Photo by Scott Graham on Unsplash
By William Korrell
Gov. Jay Inslee signed 13 commutations this April, releasing individuals who had been convicted of drug possession under a law recently struck down by the Washington State Supreme Court.
In February, the State Supreme Court ruled the state’s law regarding drug possession, RCW 69.50.4013, unconstitutional in that it did not require proof that an individual charged with drug possession intended to possess or had knowledge of the contraband in question.
Shannon Blake was arrested in 2016 when Spokane police executed an unrelated search warrant. After being taken into custody, jail staff discovered a small pouch of methamphetamine in the coin pocket of her jeans. Blake admitted to having the drugs at the time of her arrest but claimed, with corroborative testimony from her boyfriend, that the jeans had been gifted to her only two days prior and she had been unaware of the contents of the coin pocket. After being convicted, Blake appealed, arguing that requiring her to prove “unwitting possession” violated her right to due process. After a denial from the Court of Appeals, the state Supreme Court granted review.
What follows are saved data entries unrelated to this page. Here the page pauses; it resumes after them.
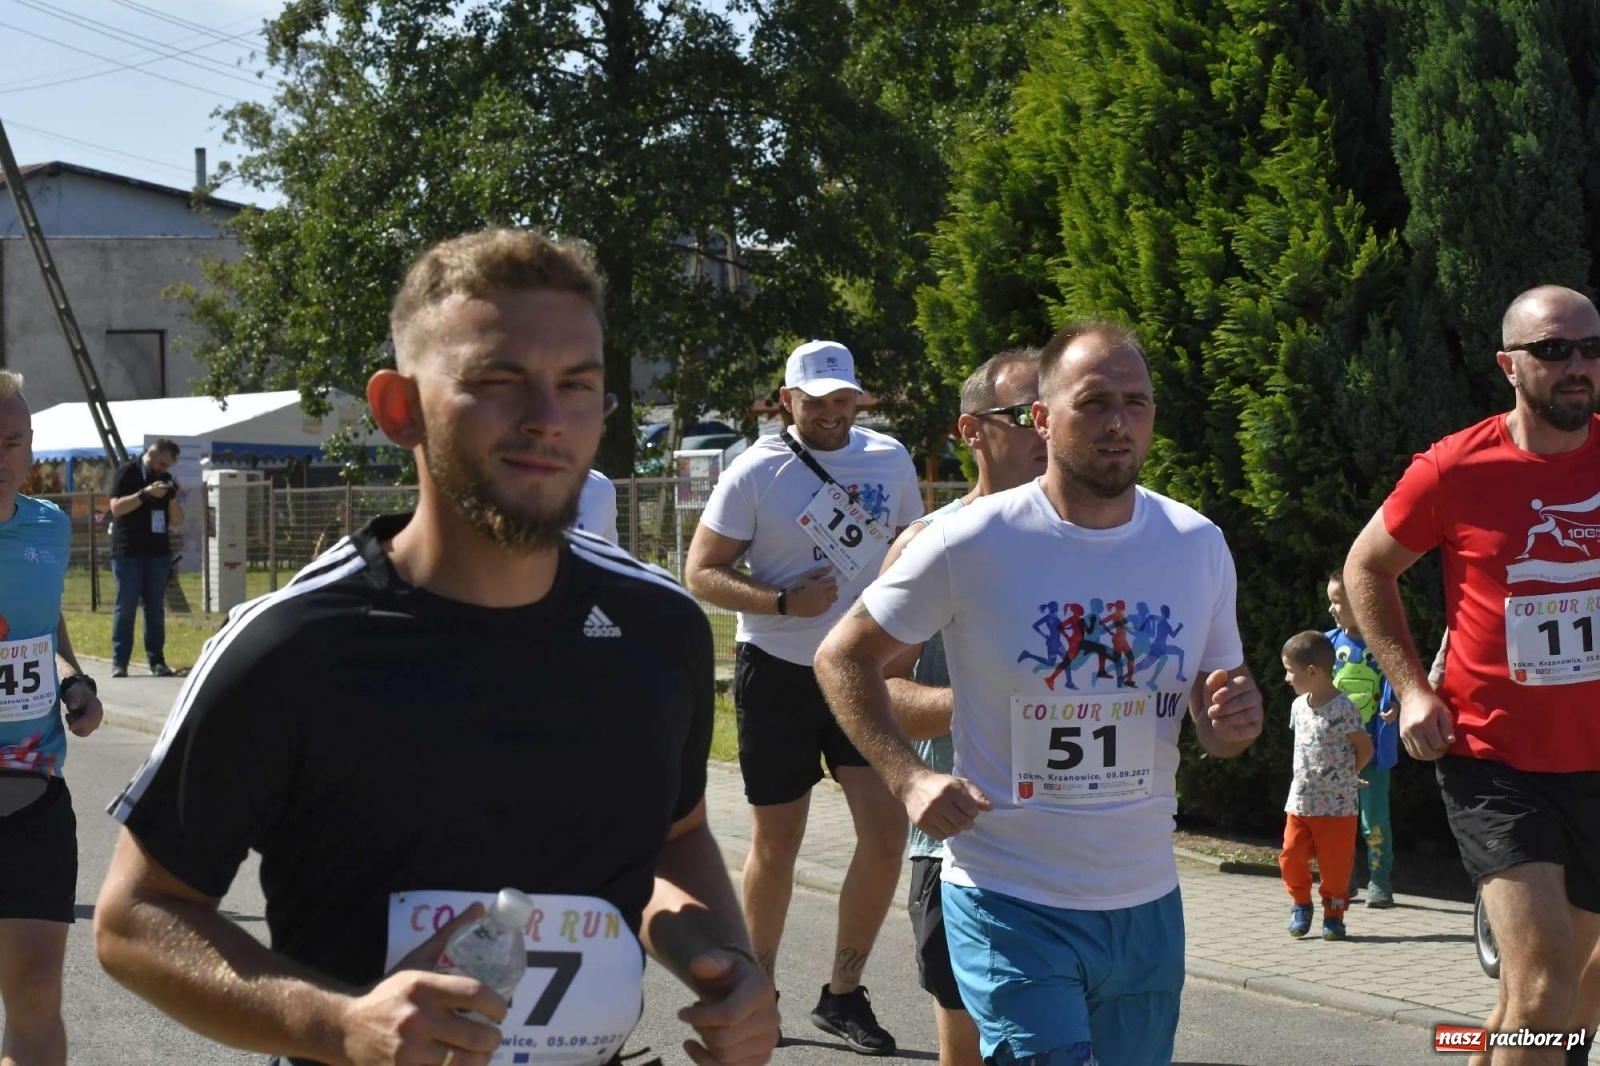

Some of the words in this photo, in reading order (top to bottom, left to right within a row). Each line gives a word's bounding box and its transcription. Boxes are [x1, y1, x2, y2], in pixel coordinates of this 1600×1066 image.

[827, 507, 863, 548] 19
[1514, 599, 1579, 617] COLOUR
[583, 626, 622, 637] adidas
[1537, 616, 1593, 655] 11
[32, 640, 49, 656] RUN
[0, 660, 41, 696] 45
[1022, 703, 1102, 722] COLOUR
[1110, 700, 1147, 721] RUN
[1156, 691, 1183, 718] UN
[1047, 724, 1117, 770] 51
[1017, 772, 1046, 782] 10km,
[1048, 773, 1102, 782] Krzanowice,
[1106, 768, 1151, 780] 05.09.2021
[559, 908, 621, 943] RUN
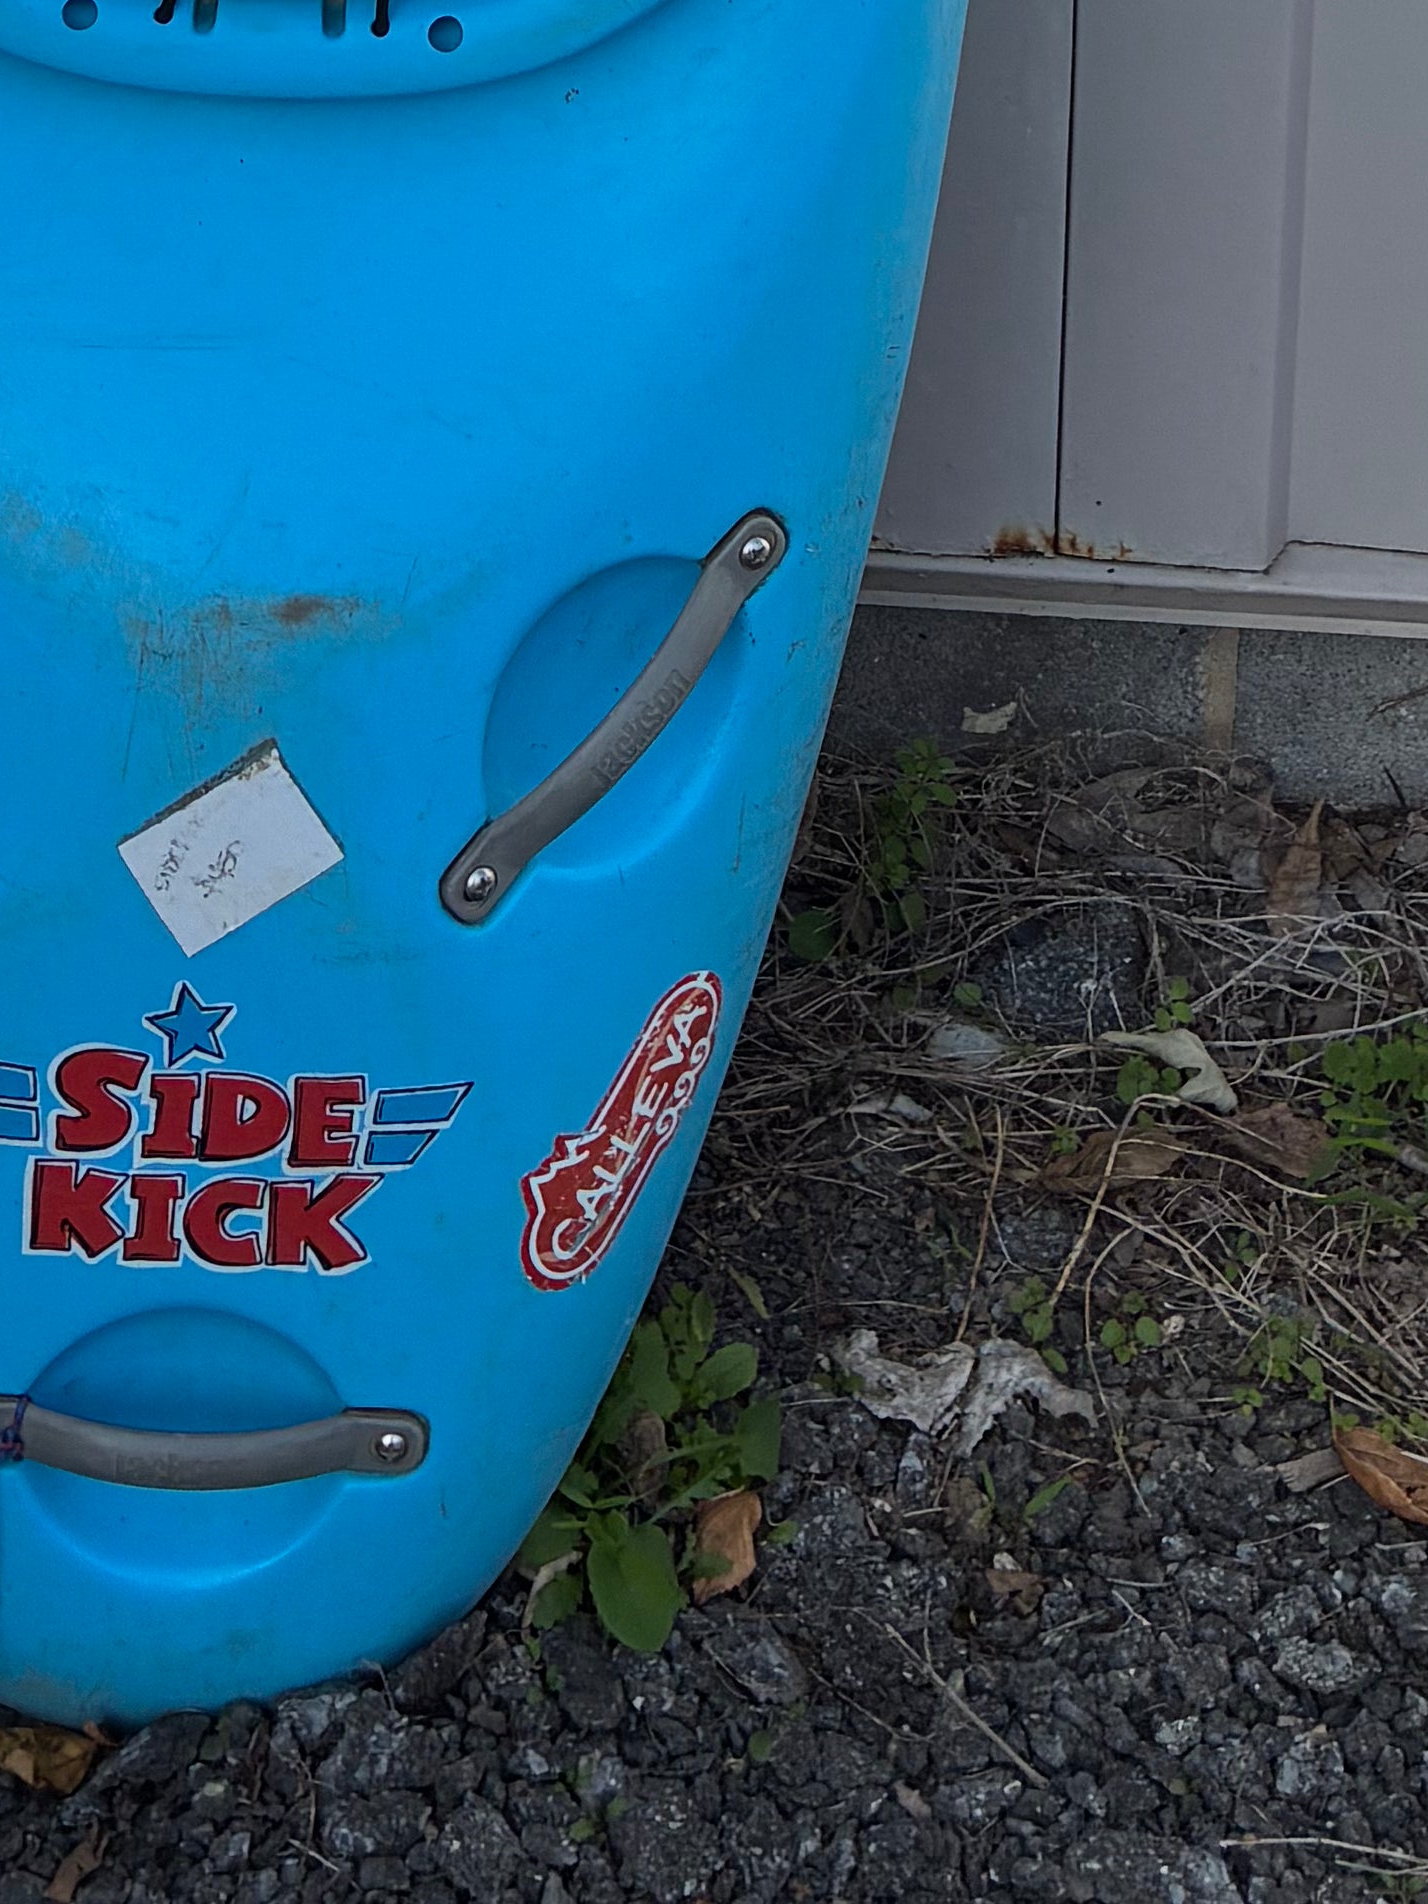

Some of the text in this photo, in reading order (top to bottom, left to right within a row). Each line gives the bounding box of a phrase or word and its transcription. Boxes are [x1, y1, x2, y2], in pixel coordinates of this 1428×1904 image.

The Court ruled in favor of Blake, with Justice Sheryl McCloud stating that “attaching the harsh penalties of felony conviction, lengthy imprisonment, stigma, and the many collateral consequences that accompany every felony drug conviction to entirely innocent and passive conduct exceeds the legislature’s powers”. This is not unusual, as every other state and the federal government recognizes that the unknowing possession of drugs is not a crime. It does, however, mean that state law no longer makes the simple possession of controlled substances a crime. This has put the Department of Corrections, the State Legislature, and many local governments in a precarious position.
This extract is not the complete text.